The eval suite you actually keep running
20 test cases, replayed weekly, evolving with production. The minimum for shipping.
An eval suite isn't optional. It's the system that tells you whether your production AI is still doing what it did on launch day. Without it, you ship a great demo and watch it silently degrade. This is the eval pattern we build into every engagement.
1. Start with 20 cases. Not 200.
20 hand-picked cases beat 200 synthetic ones. The 20 cover happy path, common edge cases, and the patterns you can't afford to break.
We collect them from real conversations (anonymized), pre-launch interviews, and team brainstorming. Each case has expected behavior, not just expected output.
2. Score what matters
Hallucination rate (LLM-as-judge against ground truth). Refusal correctness (did the agent refuse when it should have?). Tool-call accuracy. Citation correctness.
Aggregate scores are useful, but per-case scoring catches the cases where averages hide real failures.
3. Run weekly, gate releases
Eval runs in CI on every prompt change. Failing the eval blocks merge. Engineers learn fast that prompts have a regression risk.

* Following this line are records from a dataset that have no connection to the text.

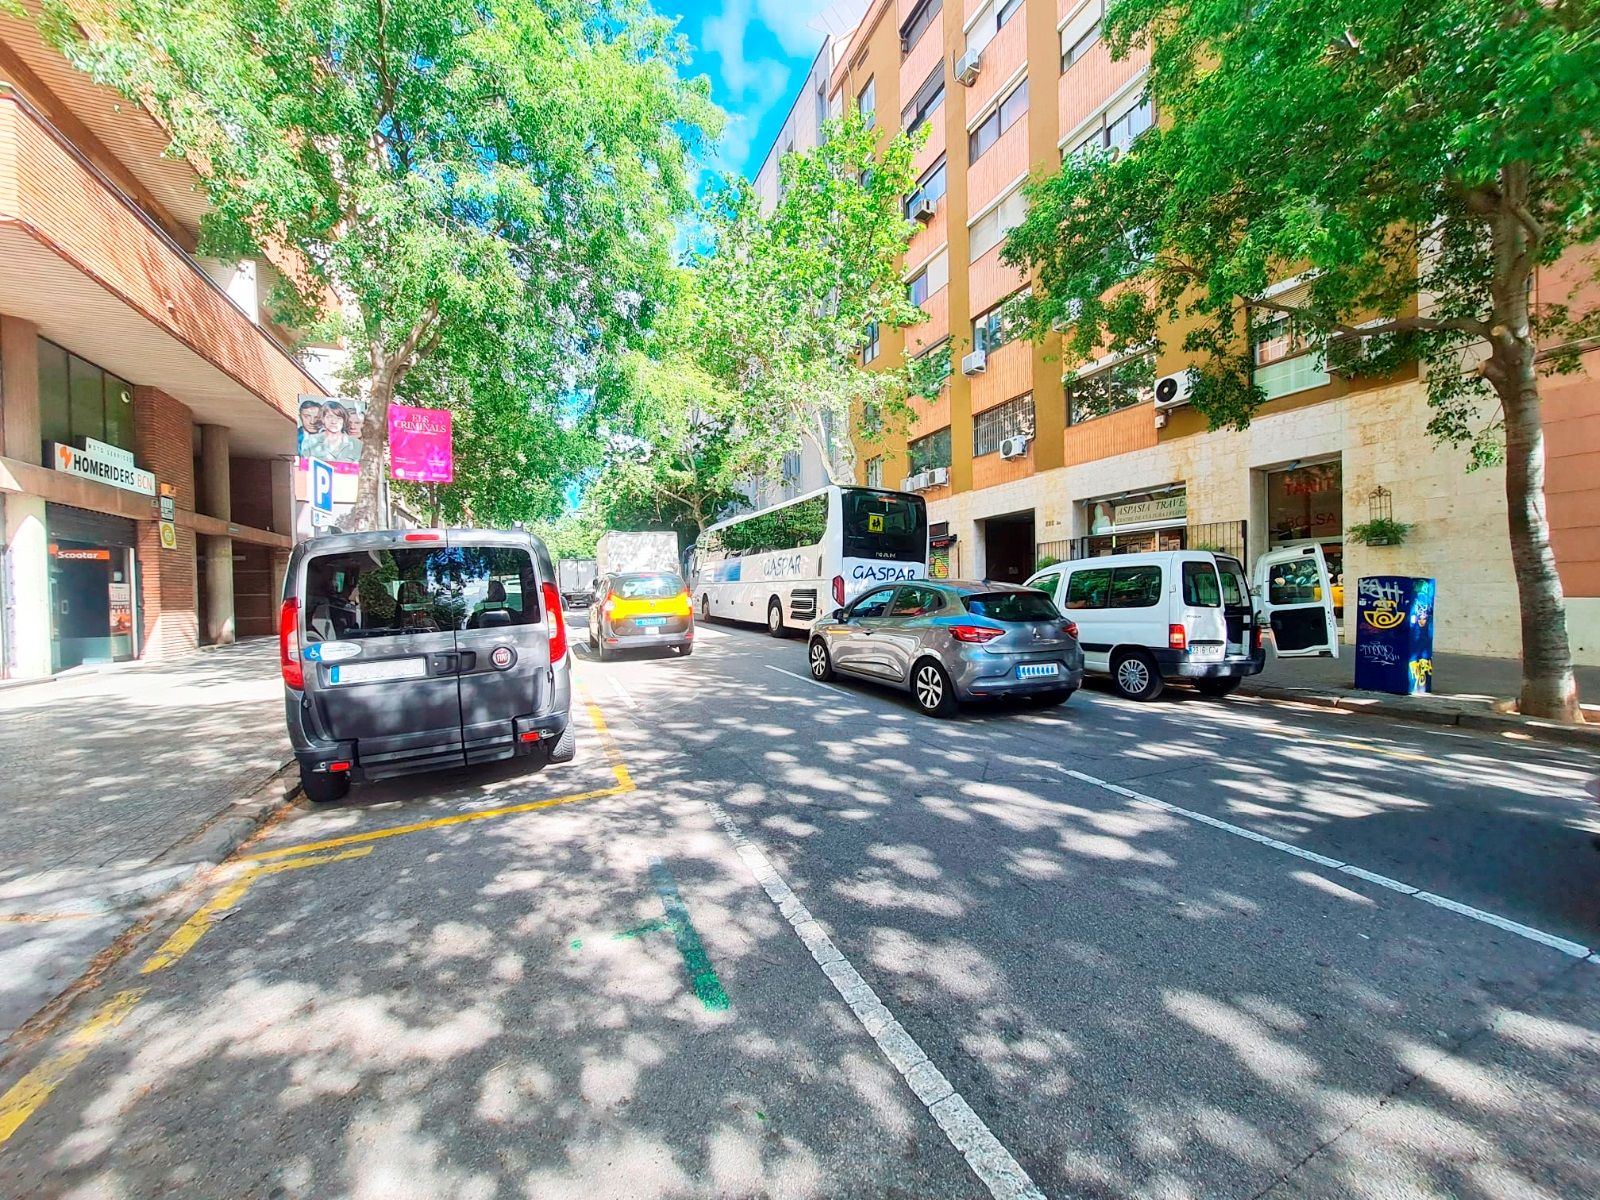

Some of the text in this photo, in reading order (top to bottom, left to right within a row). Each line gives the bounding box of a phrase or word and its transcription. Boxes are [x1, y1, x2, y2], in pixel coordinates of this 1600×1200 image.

[394, 420, 447, 433] CRIMINALS
[412, 414, 430, 423] ELS
[73, 454, 153, 492] HOMERIDERS BCN
[316, 465, 331, 505] P
[1117, 498, 1186, 516] ASPASIA TRAVE
[1287, 512, 1337, 528] BOLSA
[58, 551, 98, 559] Scooter
[763, 555, 802, 577] GASPAR
[853, 565, 916, 581] GASPAR

Outside CI, we run the full suite weekly against production. Drift over time shows up here before it shows up in user complaints.

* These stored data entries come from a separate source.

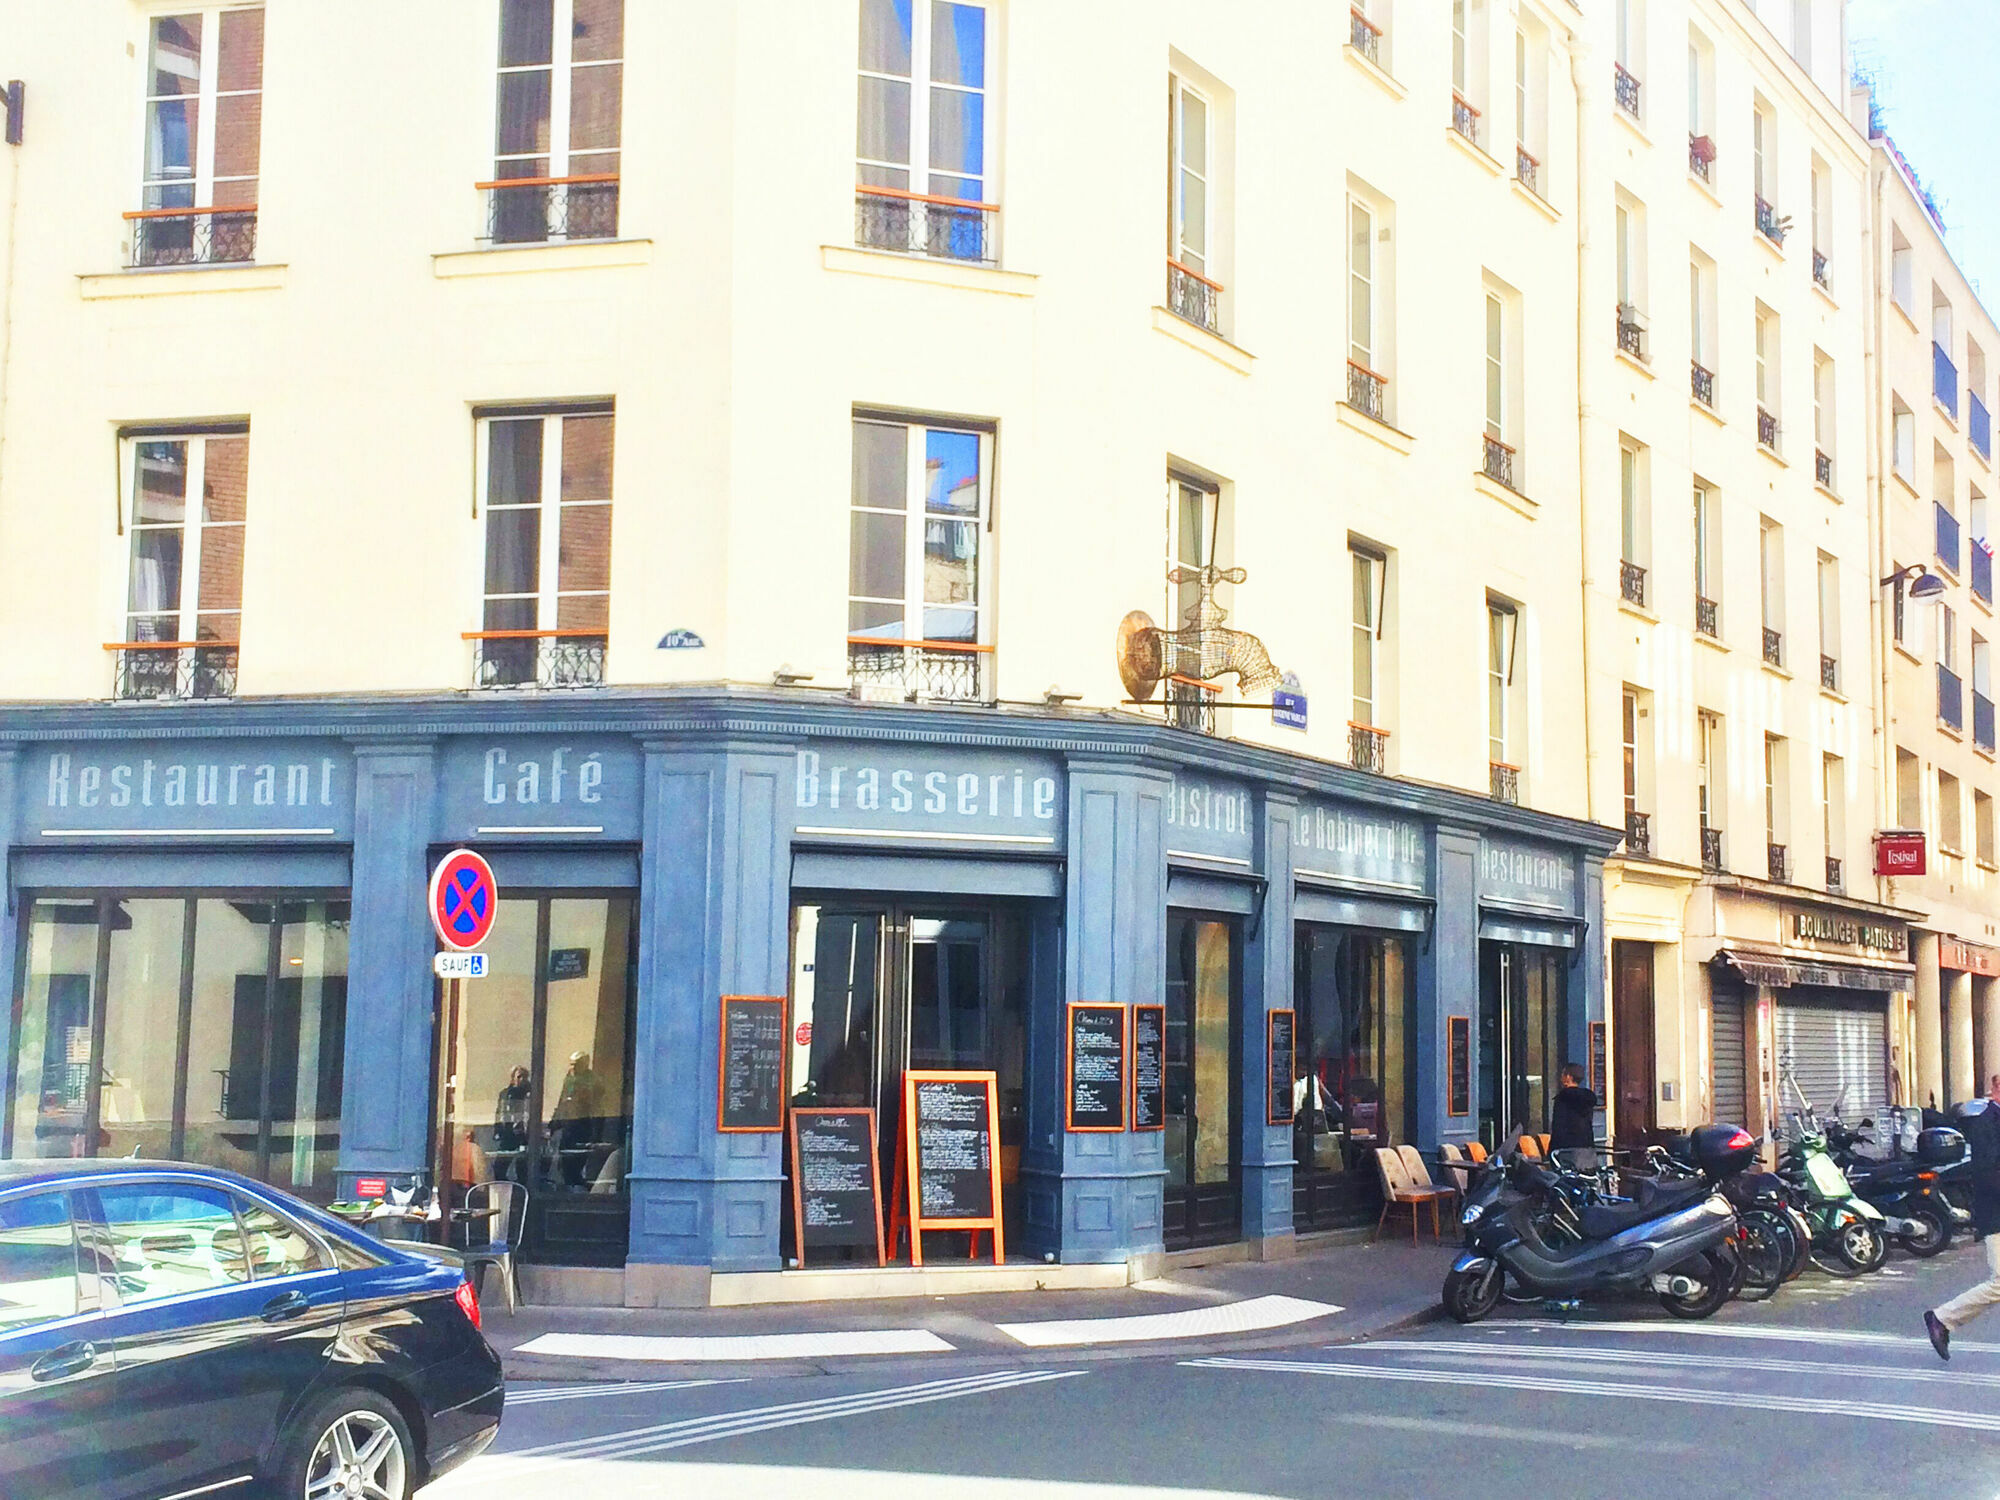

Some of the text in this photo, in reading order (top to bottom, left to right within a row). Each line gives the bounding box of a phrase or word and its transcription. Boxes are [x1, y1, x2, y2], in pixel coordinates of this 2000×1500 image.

[47, 753, 337, 807] Restaurant
[484, 747, 602, 804] Café
[796, 750, 1056, 819] Brasserie
[1293, 806, 1417, 863] Le Robinet d'Or
[1481, 838, 1563, 891] Restaurant
[1800, 914, 1858, 943] BOULANGER
[442, 958, 470, 971] SAUF

4. Grow the suite from production
Every failure mode you catch in production becomes a permanent eval case. The suite grows 2-5 cases per week in active development.
Anonymize aggressively before adding production cases — strip PII, names, account numbers.
5. LLM-as-judge, then humans on the close calls
Have a strong model grade outputs against your criteria. Score 80%+ of cases automatically.
The close calls and the failures go to humans. That's where your tuning judgment lives.
Common failure mode
Treating evals as one-time. They're a permanent system, not a launch checklist.
Common skip
Not having an owner for the eval suite. It atrophies in weeks without one.